Memminger Richter ausgeschlossen

■ Richter Ott wegen Befangenheit vom Allgäuer Abtreibungsprozeß ausgeschlossen / Als er 1980 gegen den Frauenarzt Theissen ermittelte, begleitete er seine Freundin zum Schwangerschaftsabbruch

Memmingen (taz) - Zäsur im Memminger Theissen-Prozeß: Richter Detlef Ott, bekannt als Scharfmacher im Allgäuer Abtreibungsprozeß, wurde am Montag wegen Befangenheit abgelöst. Zum Stolperstein, der ihn aus seinem Amt katapultierte, wurde für ihn die Abtreibung seiner damaligen Freundin im Jahre 1980, an der er beteiligt war. Der damals 29jährige Ott, der gerade als Staatsanwalt in Memmingen angefangen hatte, war mit seiner Freundin nach Karlsruhe gefahren, um eine Notlagenindikation zu besorgen. In Baden -Württemberg wurde der Schwangerschaftsabbruch dann auch vorgenommen.

Mit einem eklatanten „Mangel an beruflicher Integrität und menschlicher Aufrichtigkeit“ bei Richter Detlef Ott begründeten zwei der drei Verteidiger des Frauenarztes Dr.Theissen, Sebastian Cobler und Wolfgang Kreuzer, ihren Antrag auf Befangenheit. Ganz überraschend kamen die Vorwürfe gegen Ott für das Gericht allerdings nicht, denn das Nachrichtenmagazin 'Der Spiegel‘ hatte sie zeitgleich veröffentlicht. Richter Ott reagierte mit einer „Dienstlichen Erklärung“, in der er den Tatbestand nicht abstritt, sich allerdings nicht für befangen hielt. Er betonte, daß „der gesetzlich vorgeschriebene Weg eingehalten worden ist“.

Daß er, wie 'Der Spiegel‘ behauptet, bei diesem Abbruch der Treibende gewesen sei, „ist in dieser Form unzutreffend“, erklärte Richter Ott am Montag. Auf die ihm vorgehaltenen inquisitorischen Fragen, die er an Frauen richtete, die sich in genau der gleichen Situation befunden hatten wie er 1980 selbst, ging der Richter in seiner Erklärung kaum ein. Otts Lieblingsfrage an die Zeuginnen im Abtreibungsprozeß war, ob sie das Kind nicht hätten austragen können. Das sei alles erforderlich gewesen, um die „gesamten Lebensumstände so umfassend wie nur möglich aufzuklären“.

Sebastian Cobler und Wolfgang Kreuzer machen dann allerdings deutlich, daß es nicht darauf ankomme, ob Ott sich befangen fühle. „Entscheidend ist, ob Dr.Theissen diesen Richter für befangen hält oder nicht - und er hält ihn sehr wohl für befangen.“ Das Gericht schloß sich nach langer Beratung genau dieser Meinung an.

Der sichtlich mitgenommene Vorsitzende Richter Albert Barner sagte in seiner Begründung: „Der Angeklagte Theissen habe Anlaß zum Mißtrauen gegen die Parteilichkeit von Richter Ott.“ Richter Barner räumte ein, daß die „intensive Art der Befragung“ darauf zurückgeführt werden könne, daß Richter Detlef Ott dem Angeklagten nicht mit der erforderlichen Distanz gegenüberstehe. Wie wahr.

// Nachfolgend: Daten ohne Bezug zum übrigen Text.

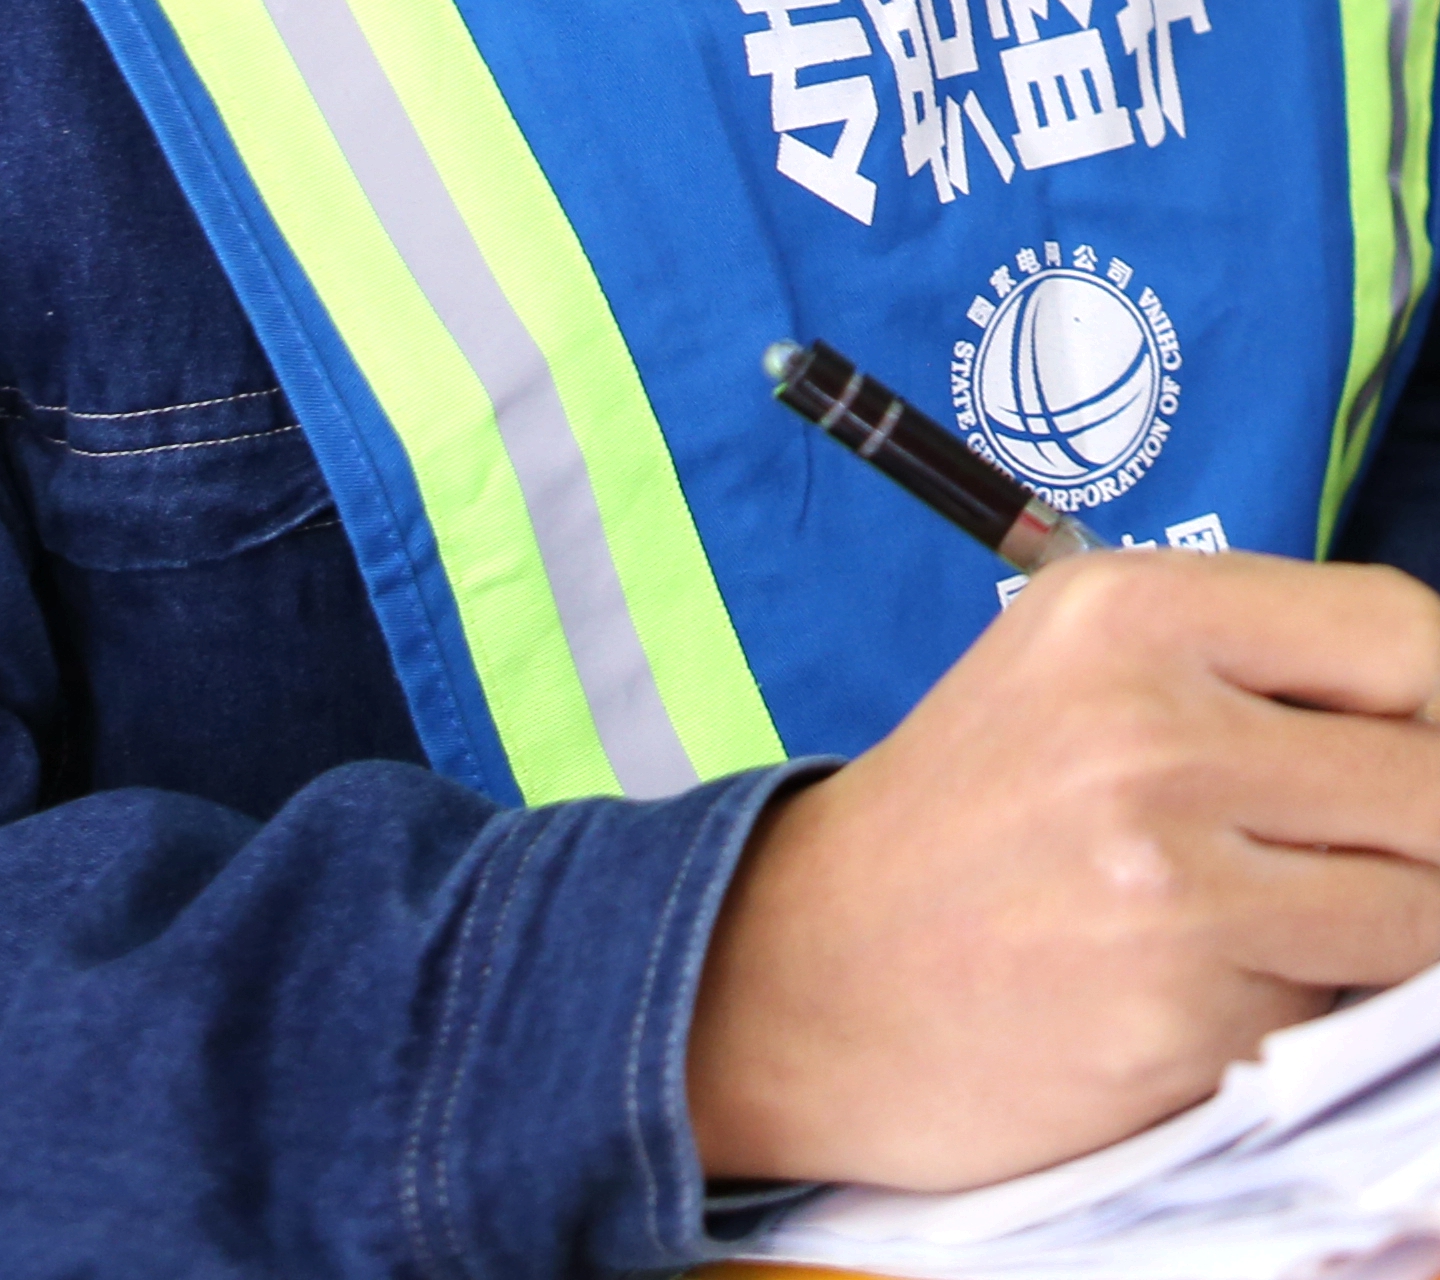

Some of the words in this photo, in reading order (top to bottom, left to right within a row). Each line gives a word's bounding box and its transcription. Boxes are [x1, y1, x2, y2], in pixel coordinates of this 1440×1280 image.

[1138, 286, 1183, 372] CHINA
[951, 338, 977, 430] STATE
[1159, 375, 1182, 416] OF

Denn just in der Zeit, in der Detlef Ott mit seiner Freundin nach Baden-Württemberg zum Schwangerschaftsabbruch gefahren ist, hat Ott - damals noch Staatsanwalt - mit großem Eifer ein Ermittlungsverfahren gegen Horst Theissen betrieben. Detektivische Fähigkeiten soll der heutige Richter Ott damals angewandt haben, um Theissen illegale Schwangerschaftsabbrüche nachweisen zu können. Das Verfahren mußte damals wegen erwiesener Unschuld Theissens eingestellt werden. Dieser Vorgang hatte schon zu Prozeßbeginn dem Richter Ott einen Befangenheitsantrag eingebracht, der freilich von seinen Richterkollegen als unbegründet abgewiesen wurde.

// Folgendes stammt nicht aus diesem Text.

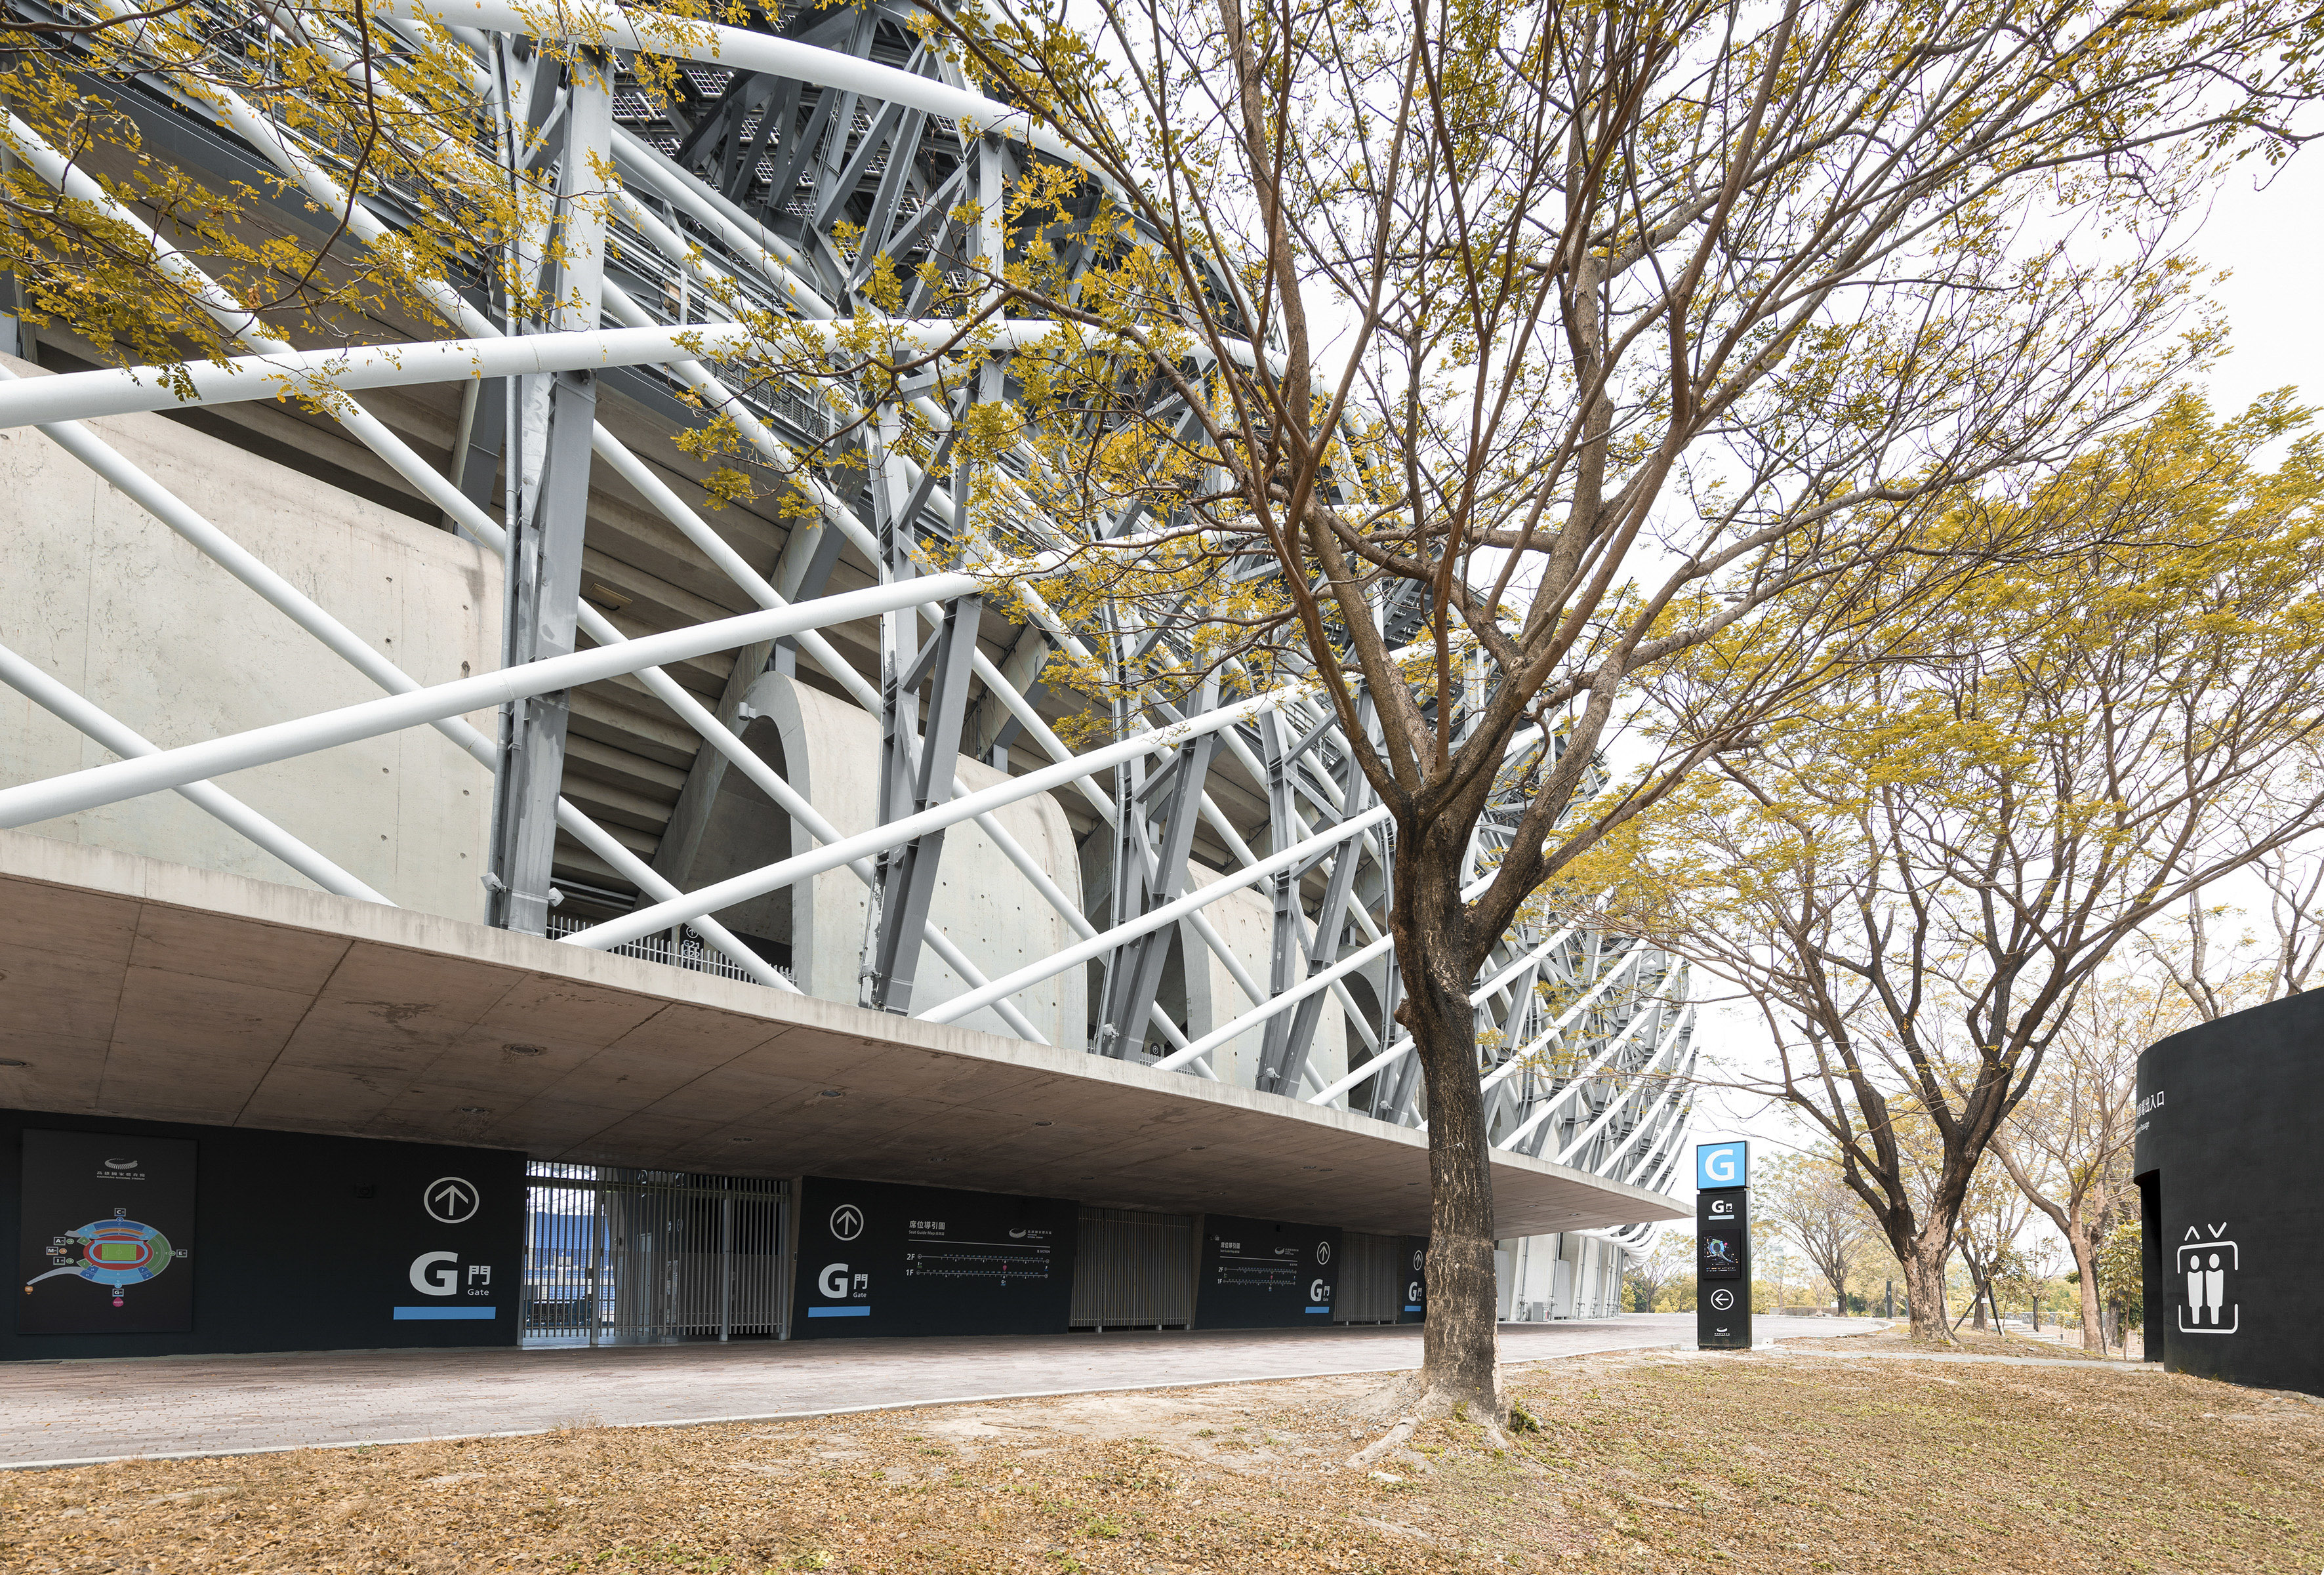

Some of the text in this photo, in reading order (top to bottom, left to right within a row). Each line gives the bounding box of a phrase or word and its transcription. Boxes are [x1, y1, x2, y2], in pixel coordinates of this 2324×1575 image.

Ein schwerer Schlag ist die Ablösung von Richter Detlef Ott für die unnachgiebigen Staatsanwälte, die den Antrag der Verteidigung auf Befangenheit als „Stimmungsmache“ abtun wollten. Die Ergänzungsrichterin Brigitte Grenzstein wechselt nun als Berufsrichterin auf den Stuhl von Richter Ott. Eine gewisse Gefahr liegt jetzt freilich für das Memminger Gericht in der neuen Situation: Denn sollte noch einer der Richter ausfallen, wäre dieser größte Abtreibungsprozeß der bundesdeutschen Rechtsgeschichte geplatzt.